==== GIVEN RECORDS ====

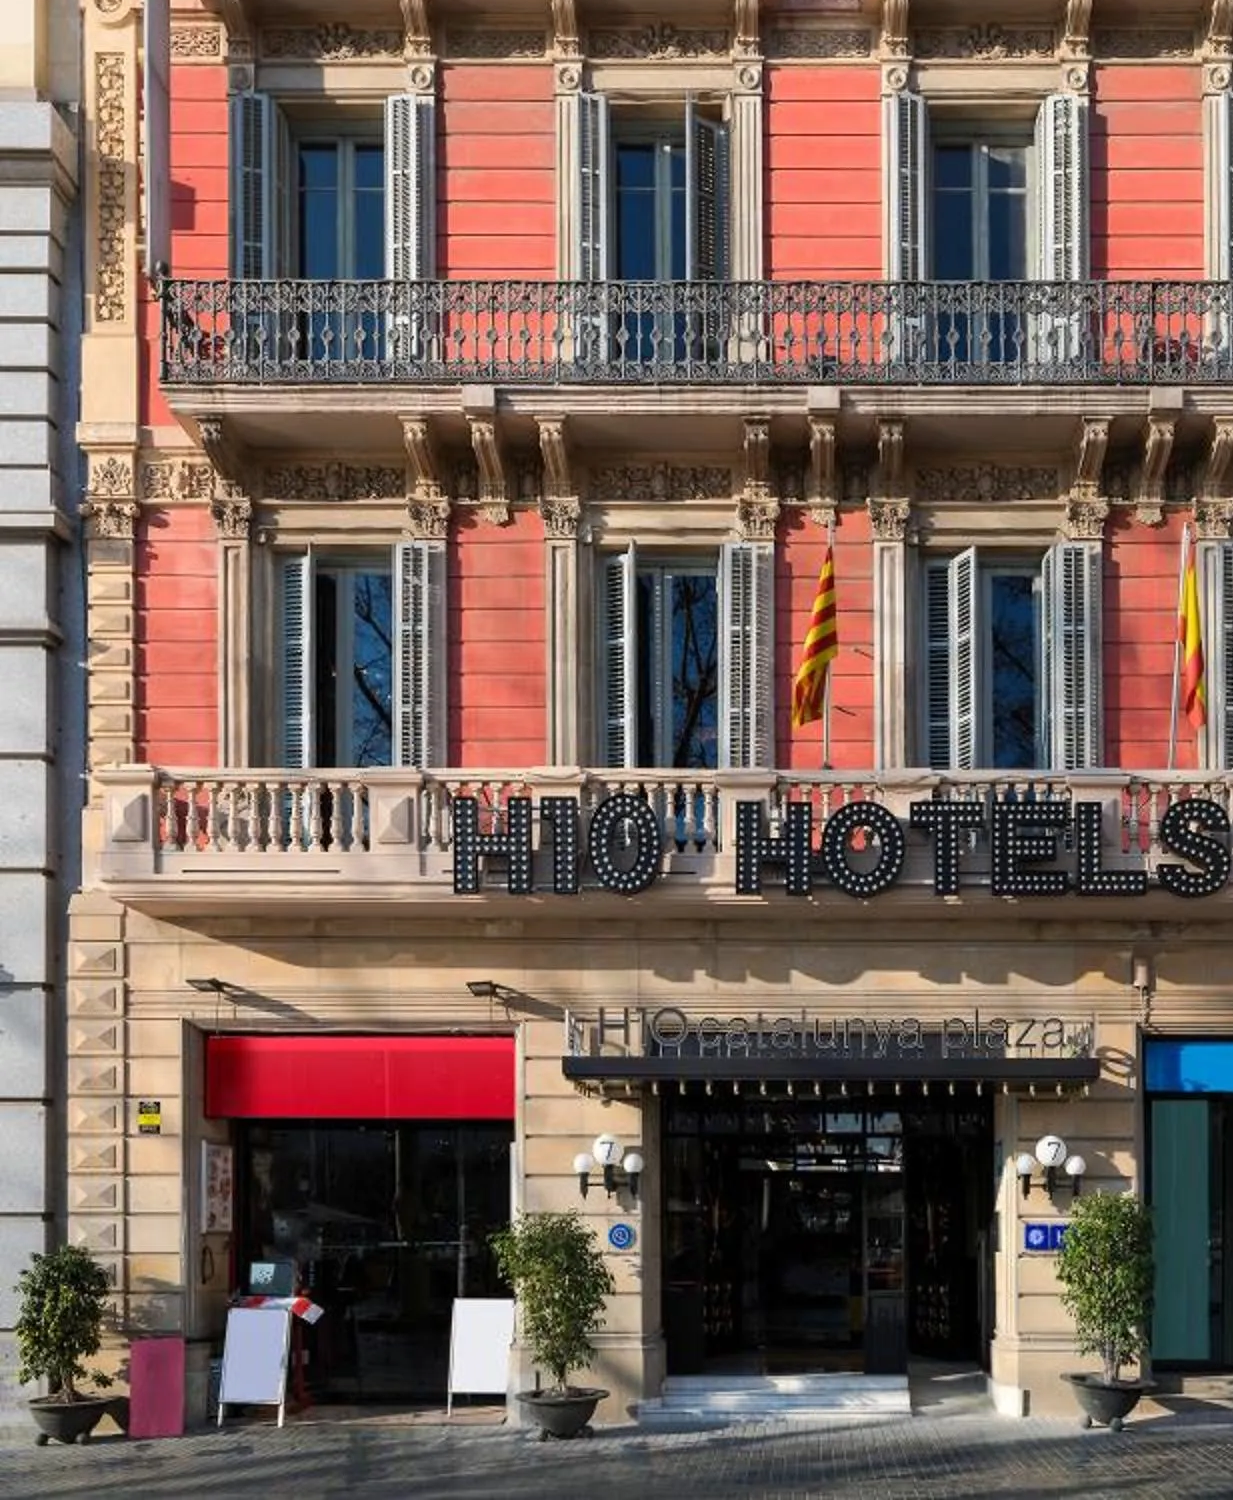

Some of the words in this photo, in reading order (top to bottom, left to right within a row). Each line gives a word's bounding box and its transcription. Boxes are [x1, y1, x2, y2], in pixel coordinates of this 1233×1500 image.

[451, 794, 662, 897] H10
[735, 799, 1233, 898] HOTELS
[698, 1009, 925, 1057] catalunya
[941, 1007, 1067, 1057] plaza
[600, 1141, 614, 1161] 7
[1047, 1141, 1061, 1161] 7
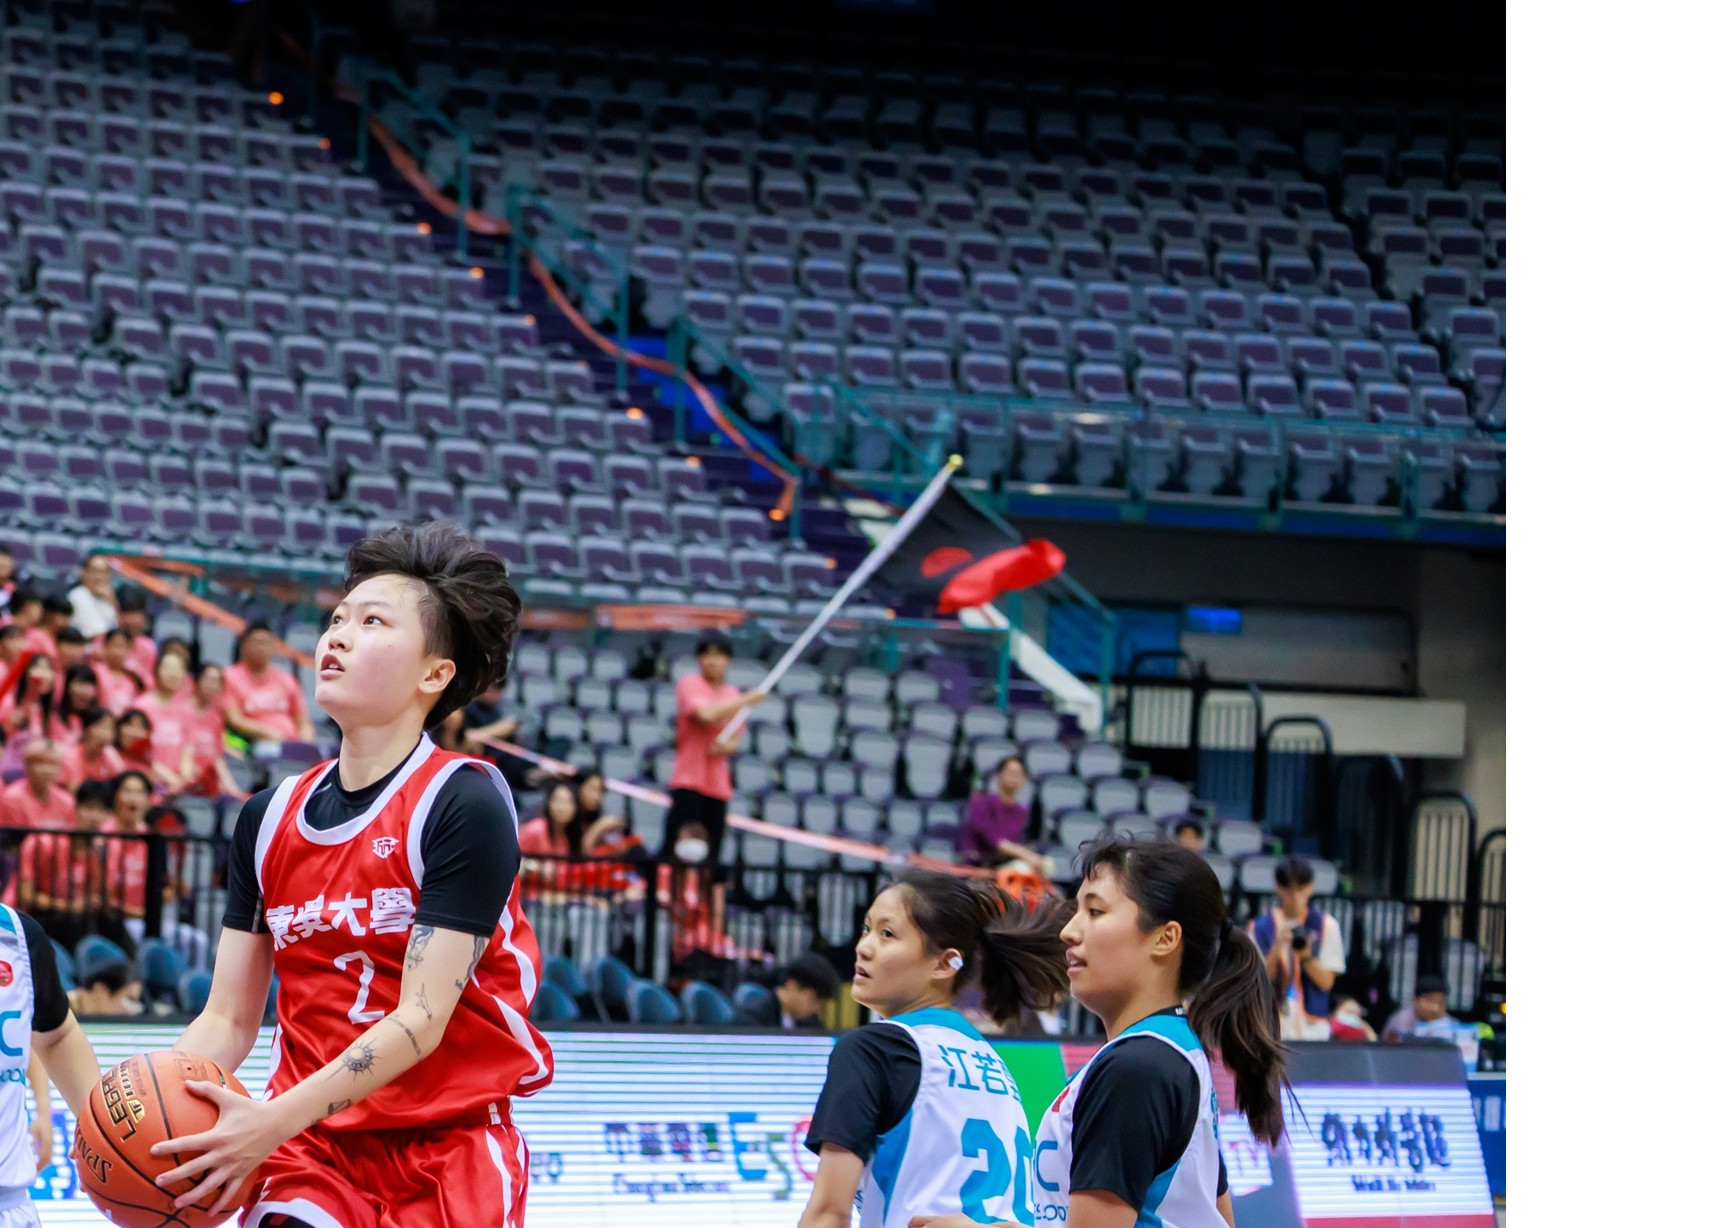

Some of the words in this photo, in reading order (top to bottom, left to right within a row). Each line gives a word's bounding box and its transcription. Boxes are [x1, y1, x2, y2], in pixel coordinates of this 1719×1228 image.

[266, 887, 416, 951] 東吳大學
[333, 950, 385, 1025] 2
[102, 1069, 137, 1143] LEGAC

====

Restate each entry word for word; pictures stay out of the copy.

Some of the words in this photo, in reading order (top to bottom, left to right within a row). Each line gives a word's bounding box and its transcription. Boxes are [x1, y1, x2, y2], in pixel coordinates of this 1233×1500 image.

[451, 794, 662, 897] H10
[735, 799, 1233, 898] HOTELS
[698, 1009, 925, 1057] catalunya
[941, 1007, 1067, 1057] plaza
[600, 1141, 614, 1161] 7
[1047, 1141, 1061, 1161] 7

Some of the words in this photo, in reading order (top to bottom, left to right within a row). Each line gives a word's bounding box and its transcription. Boxes are [x1, y1, x2, y2], in pixel coordinates of this 1719×1228 image.

[266, 887, 416, 951] 東吳大學
[333, 950, 385, 1025] 2
[102, 1069, 137, 1143] LEGAC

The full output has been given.